ECLI:NL:CRVB:2006:AZ3913
Centrale Raad van Beroep
Beoordeling van de functionele mogelijkheden van een arbeidsongeschikte appellante in het kader van de WAO
In deze zaak gaat het om een hoger beroep van appellante tegen een uitspraak van de rechtbank Rotterdam, waarin de beslissing op bezwaar van het Uwv werd vernietigd. Appellante, die sinds 21 februari 2000 als haringschoonmaakster werkte, viel op 10 november 2000 uit met psychische klachten. Het Uwv kende haar op 10 oktober 2001 een WAO-uitkering toe, berekend naar een mate van arbeidsongeschiktheid van 45 tot 55%. De rechtbank Rotterdam oordeelde dat de functionele mogelijkheden van appellante niet juist waren vastgesteld en dat het Uwv een nieuwe beslissing op bezwaar moest nemen.
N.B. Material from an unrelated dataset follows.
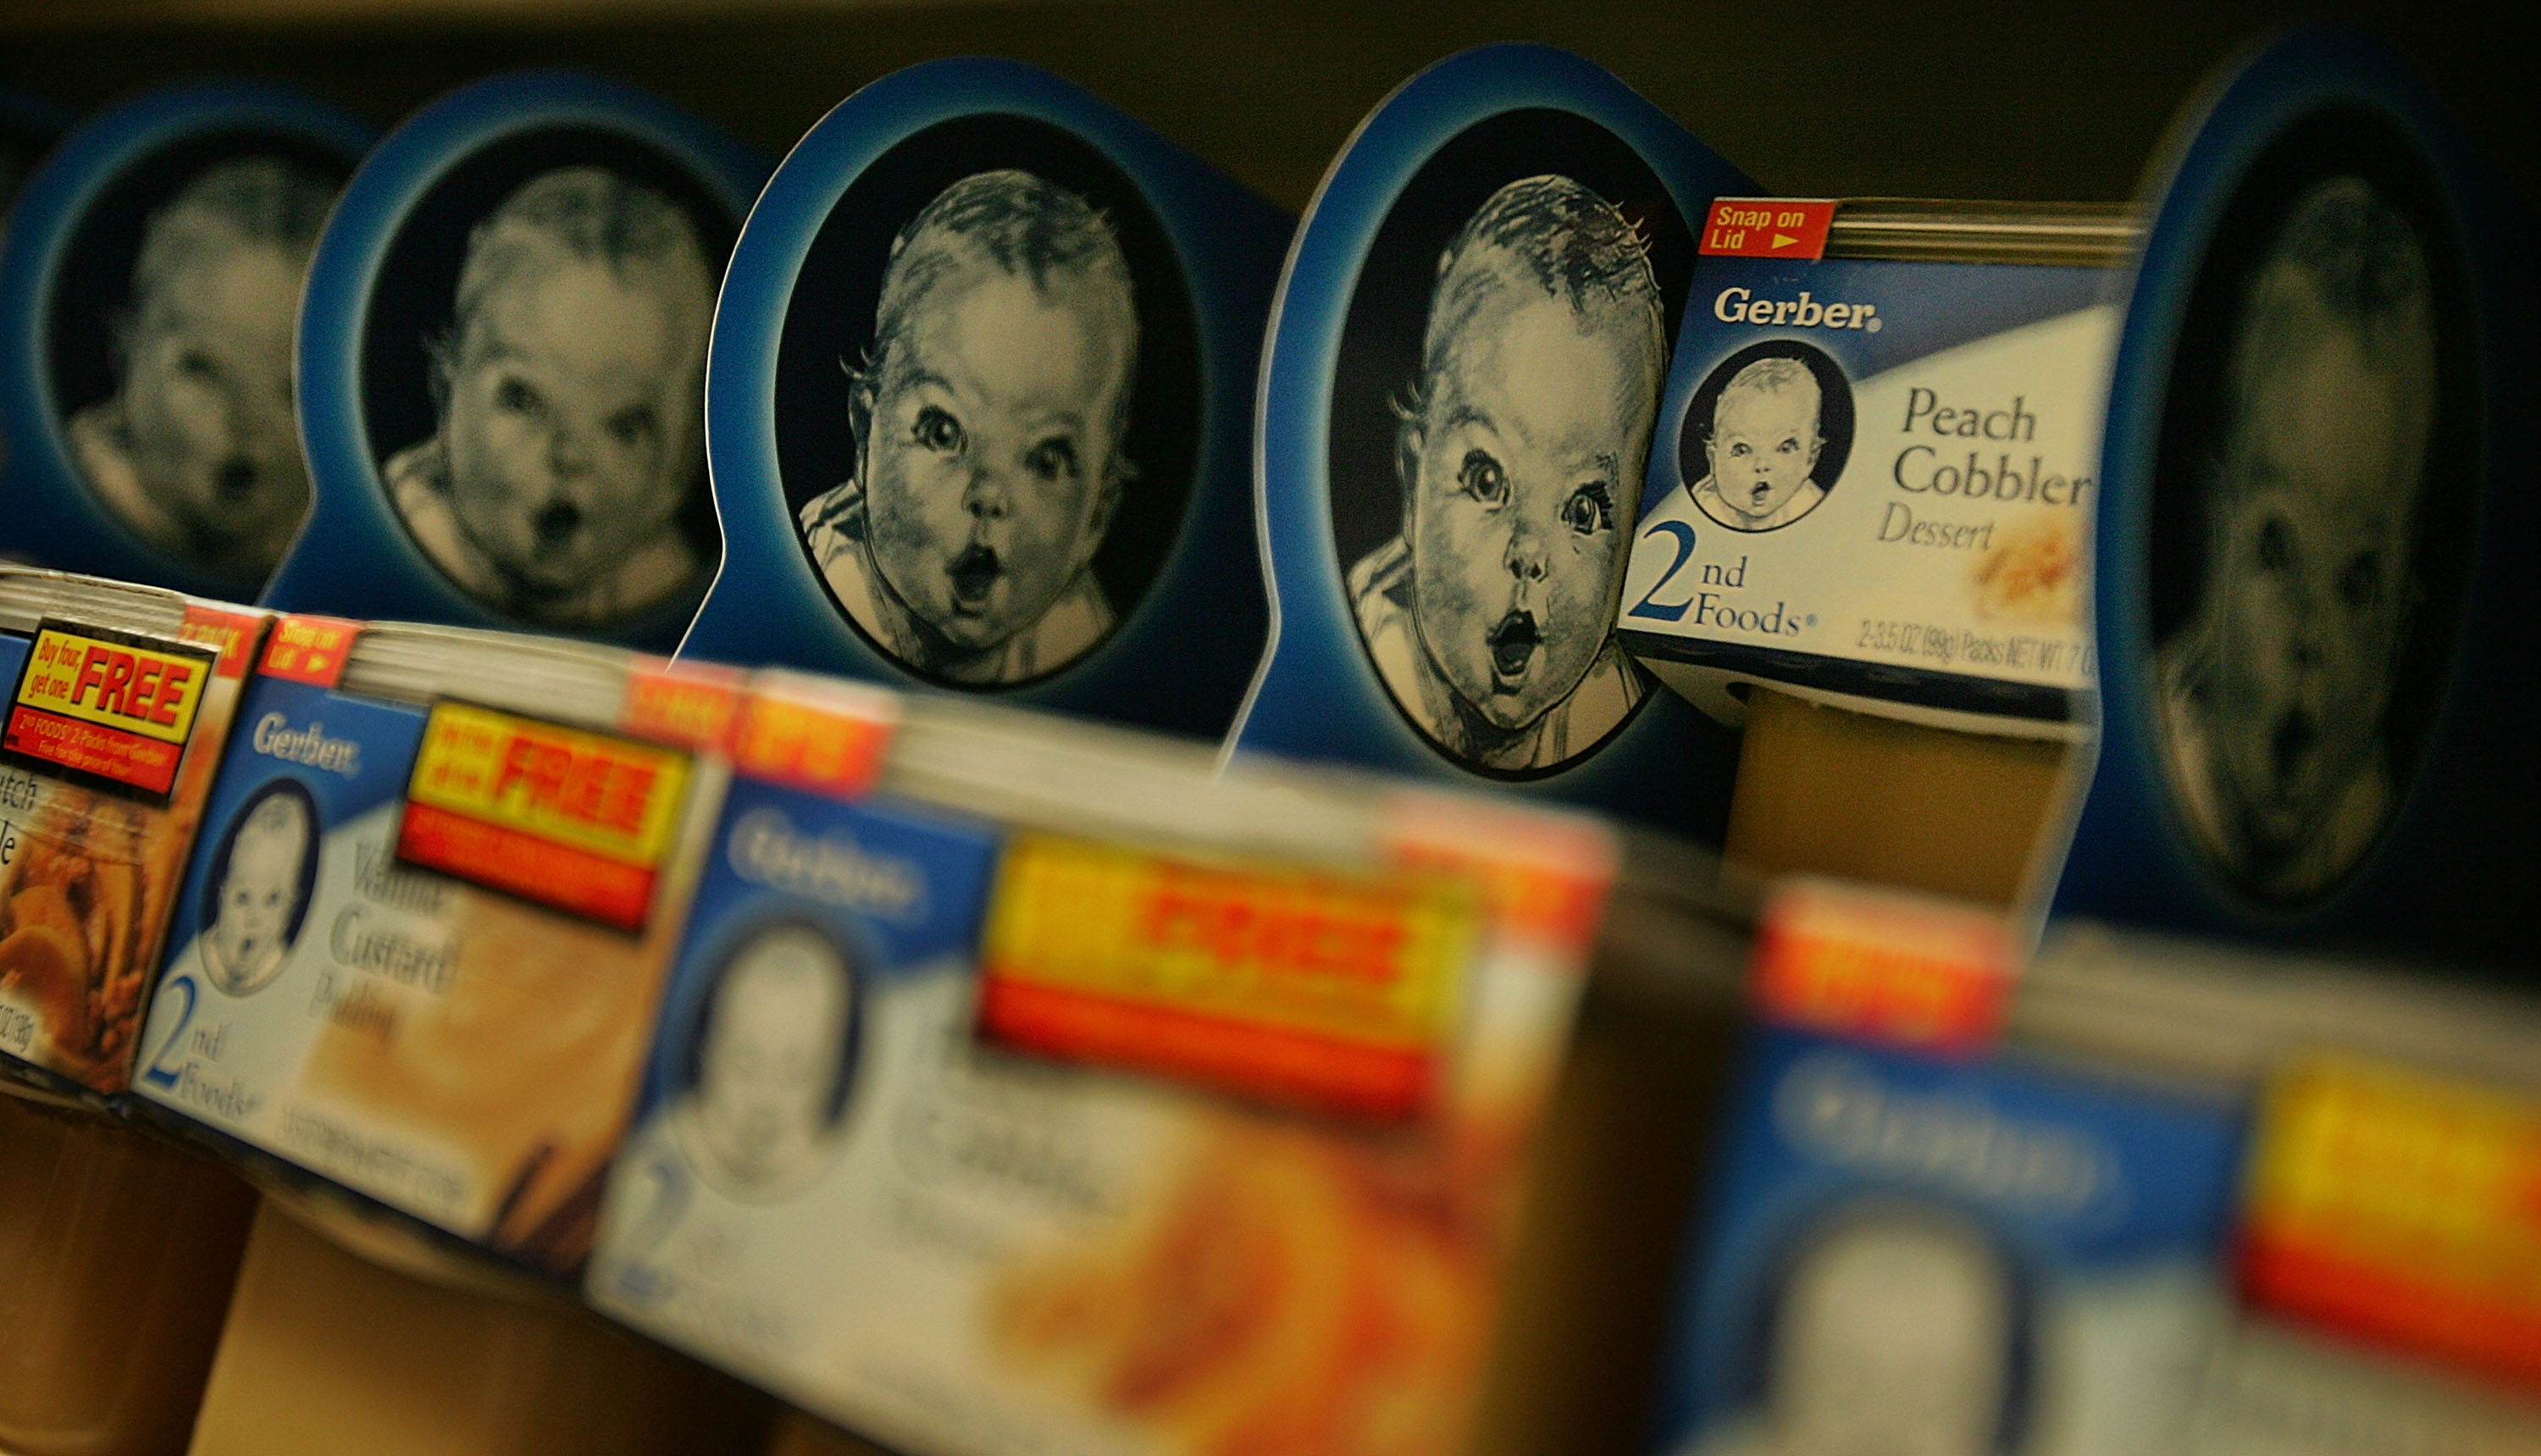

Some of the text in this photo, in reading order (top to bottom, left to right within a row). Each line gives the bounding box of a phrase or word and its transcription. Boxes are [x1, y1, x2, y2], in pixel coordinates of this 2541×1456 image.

Dit leidde tot een herbeoordeling van haar arbeidsongeschiktheid, waarbij het Uwv haar arbeidsongeschiktheidsuitkering vaststelde op 55-65%.
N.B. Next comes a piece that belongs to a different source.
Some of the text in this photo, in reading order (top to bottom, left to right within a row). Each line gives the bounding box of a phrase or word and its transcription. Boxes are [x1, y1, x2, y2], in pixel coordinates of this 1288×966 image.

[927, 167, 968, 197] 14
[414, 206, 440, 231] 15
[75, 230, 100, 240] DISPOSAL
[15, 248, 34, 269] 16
In hoger beroep werd de vraag aan de Centrale Raad van Beroep voorgelegd of de functionele mogelijkheden van appellante correct waren vastgesteld en of zij in staat was om de geduide functies uit te oefenen. De Raad oordeelde dat de argumenten van appellante geen aanleiding gaven om de uitspraak van de rechtbank te herzien. De Raad bevestigde de eerdere uitspraak en oordeelde dat de rapportages van het Instituut Psychosofia geen relevante medische gegevens bevatten die de beoordeling van de bezwaarverzekeringsarts konden beïnvloeden. De Raad concludeerde dat appellante, op basis van de beschikbare informatie, in staat was om de aan haar voorgestelde functies uit te oefenen.
De uitspraak werd gedaan door een meervoudige kamer, met J.W. Schuttel als voorzitter en R.C. Stam en J. Brand als leden. De beslissing werd in het openbaar uitgesproken op 1 december 2006, met W.R. de Vries als griffier.